=== Begin Enclosure ===
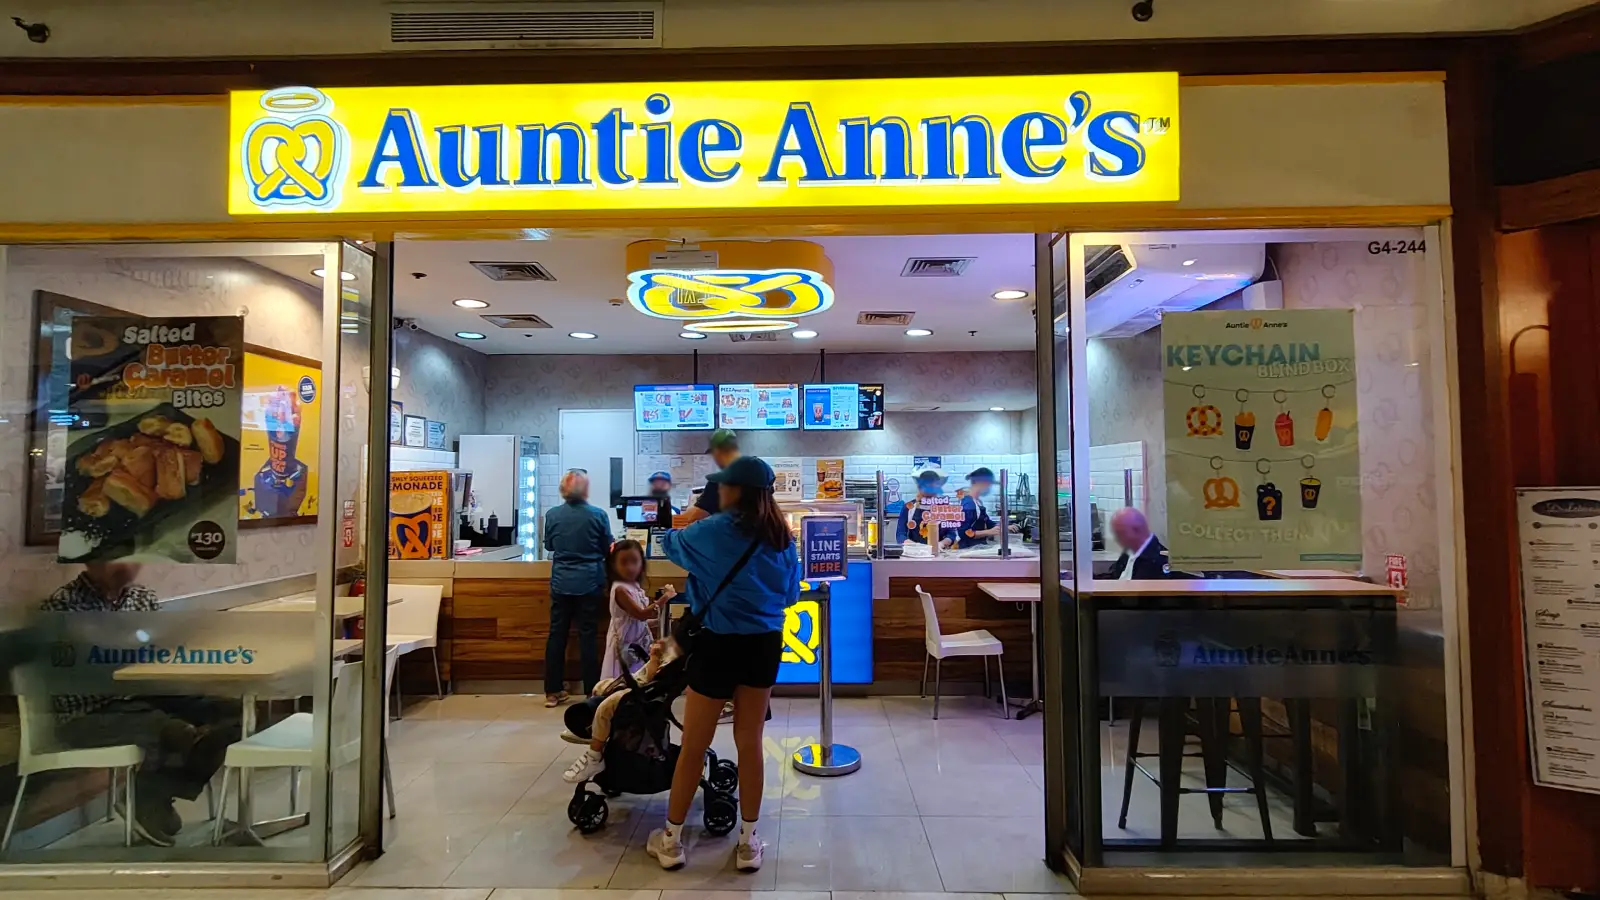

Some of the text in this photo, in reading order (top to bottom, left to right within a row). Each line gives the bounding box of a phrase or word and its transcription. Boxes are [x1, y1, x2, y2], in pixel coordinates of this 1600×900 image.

[357, 93, 742, 187] Auntie
[758, 90, 1146, 184] Anne's
[1368, 240, 1426, 255] G4-244
[1226, 320, 1288, 330] Auntie Anne's
[123, 323, 196, 345] Salted
[145, 344, 232, 367] Butter
[1166, 342, 1320, 367] KEYCHAIN
[122, 363, 236, 390] Caramel
[171, 391, 226, 409] Bites
[391, 481, 443, 491] MONADE
[921, 496, 949, 505] Salted
[811, 540, 841, 552] LINE
[811, 553, 841, 561] STARTS
[811, 562, 841, 573] HERE
=== End Enclosure ===
[REQUIREMENT]: Output every line of the records above unchanged, and keep the pictures out.

[OUTPUT BELOW]:
Some of the text in this photo, in reading order (top to bottom, left to right within a row). Each line gives the bounding box of a phrase or word and its transcription. Boxes are [x1, y1, x2, y2], in pixel coordinates of this 1600×900 image.

[357, 93, 742, 187] Auntie
[758, 90, 1146, 184] Anne's
[1368, 240, 1426, 255] G4-244
[1226, 320, 1288, 330] Auntie Anne's
[123, 323, 196, 345] Salted
[145, 344, 232, 367] Butter
[1166, 342, 1320, 367] KEYCHAIN
[122, 363, 236, 390] Caramel
[171, 391, 226, 409] Bites
[391, 481, 443, 491] MONADE
[921, 496, 949, 505] Salted
[811, 540, 841, 552] LINE
[811, 553, 841, 561] STARTS
[811, 562, 841, 573] HERE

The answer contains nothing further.